The traditional convolutional sparse coding super-resolution method only introduces the linear projection relationship in the feature space conversion and fails to consider the local detail in the feature map learning, which causes the reconstruction results to be unsatisfactory in terms of edges and details. The convolutional sparse coding theory is introduced into the super-resolution reconstruction framework of remote sensing images and a multi-scale semi-coupled convolutional sparse coding super-resolution reconstruction method is proposed. Firstly, the input image is decomposed by multi-scale to extract smooth components and multi-scale texture components, and the final smoothing components are reconstructed by bicubic interpolation. Then, the texture components of each scale are reconstructed by semi-coupled convolution sparse coding.

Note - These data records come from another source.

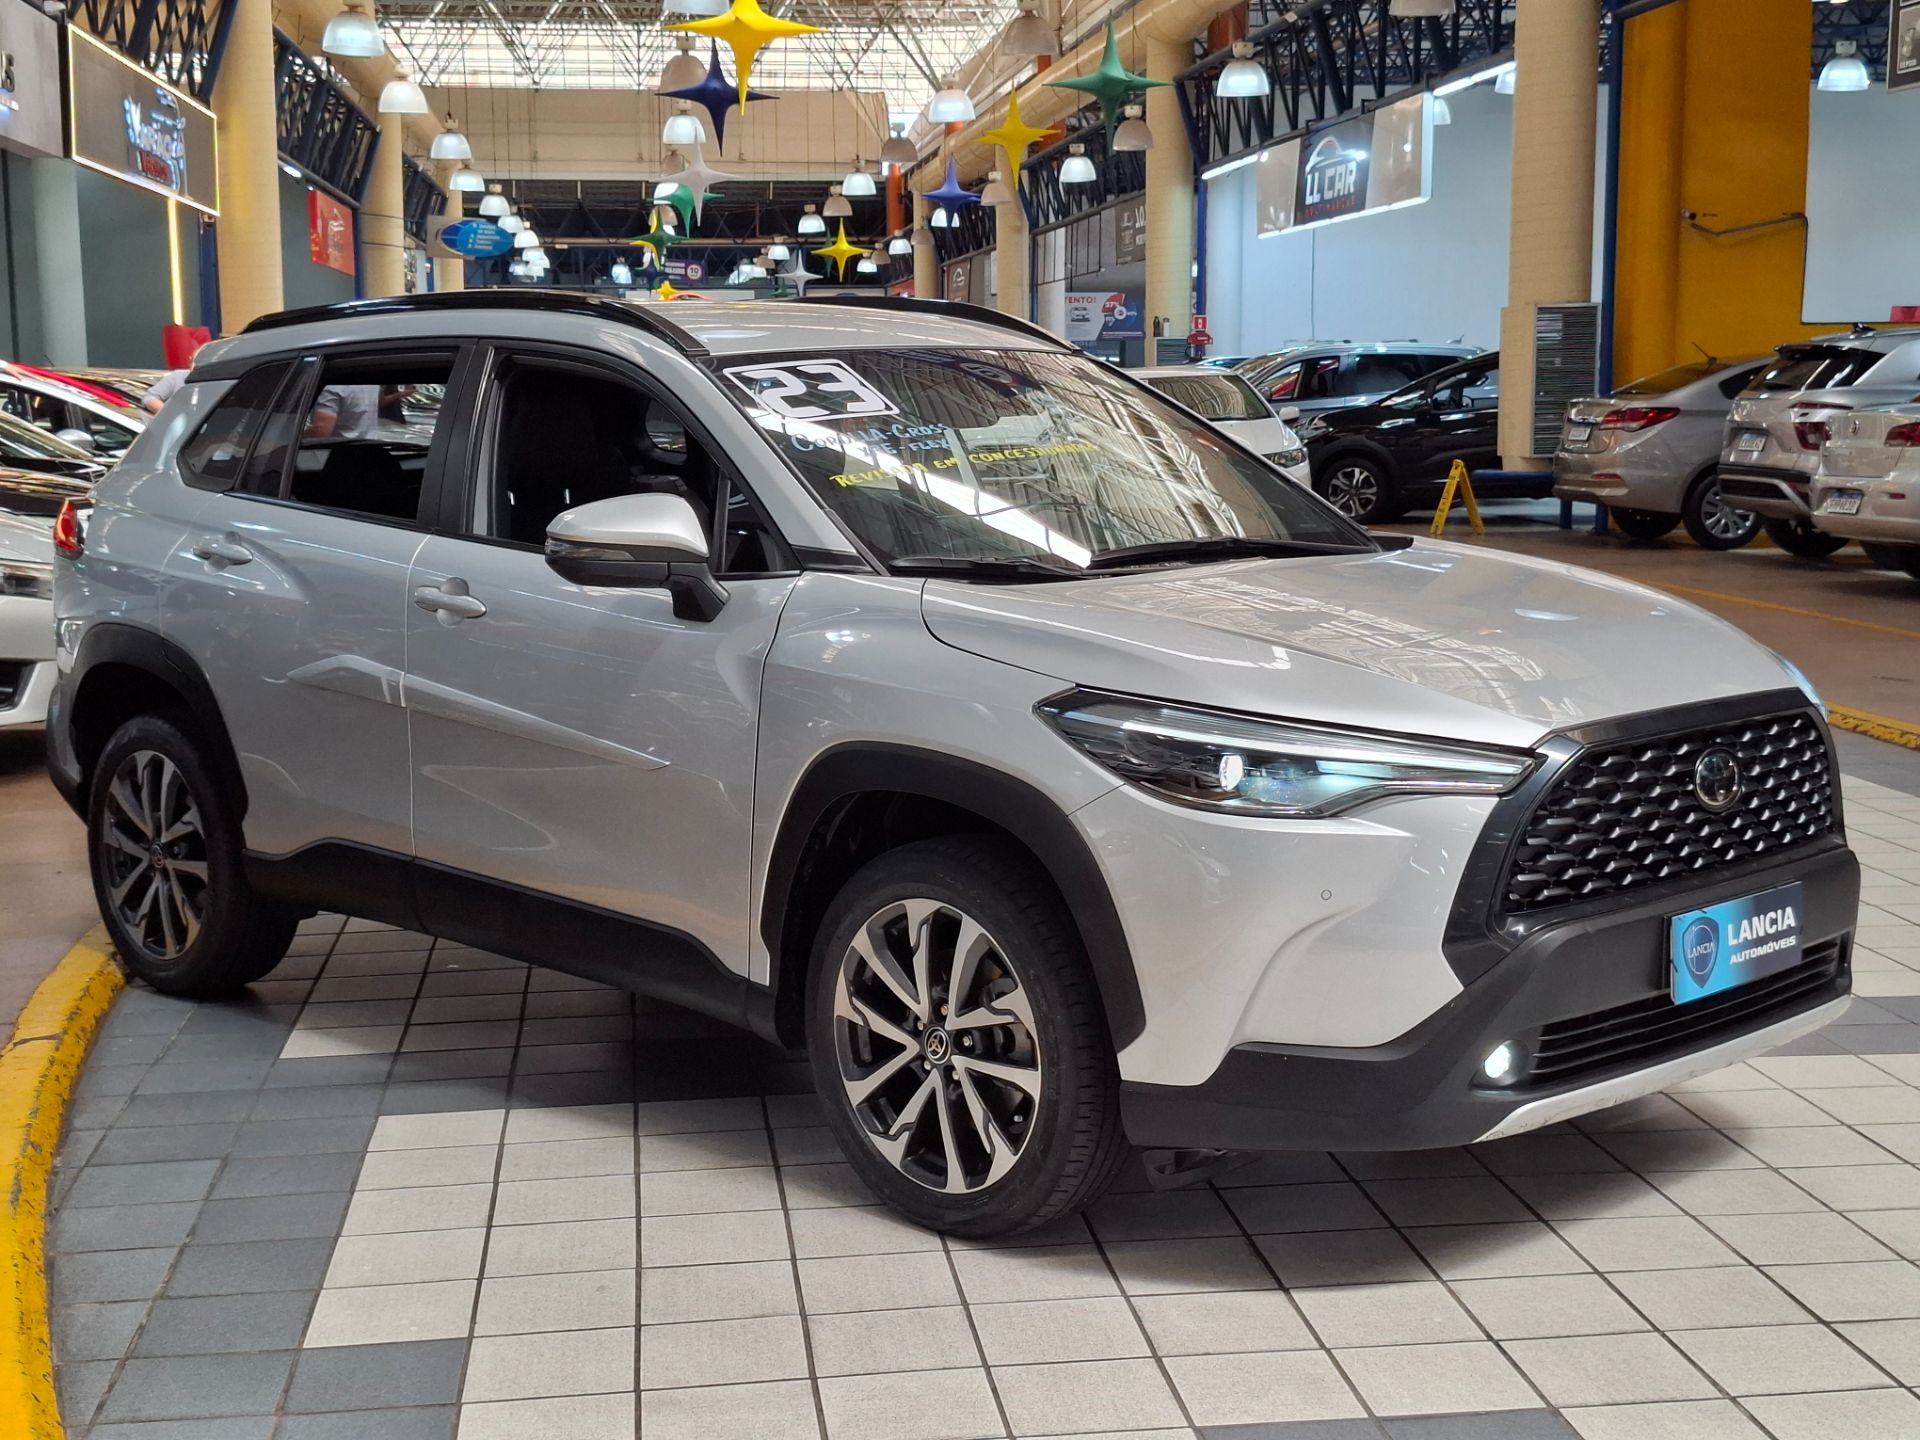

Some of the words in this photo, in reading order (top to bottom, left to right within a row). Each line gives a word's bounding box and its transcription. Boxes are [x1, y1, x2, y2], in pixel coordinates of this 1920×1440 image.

[1305, 173, 1321, 205] LL
[1323, 160, 1357, 200] CAR
[741, 364, 870, 418] 23
[1728, 906, 1796, 946] LANCIA
[1687, 941, 1715, 959] LANCIA
[1729, 936, 1796, 965] AUTOMÓVEIS

The nonlinear convolution operator is used as the projection function between the high-resolution feature map and the low-resolution feature map of texture component at each scale and the non-local self-similarity structure in the feature map learning for constrained optimization is introduced to better reconstruct the texture image at each scale. Finally, the reconstructed smooth component and the texture component at each scale are superimposed to obtain the final reconstructed image. Remote sensing images from 4 different sensors are used as experimental images and the state-of-the-art super-resolution reconstruction methods are compared. Experimental results show that the reconstructed images obtained by the proposed method are better than other methods in quantitative analysis index PSNR and FSIM and show clearer boundary and detailed information and have a certain anti-noise performance.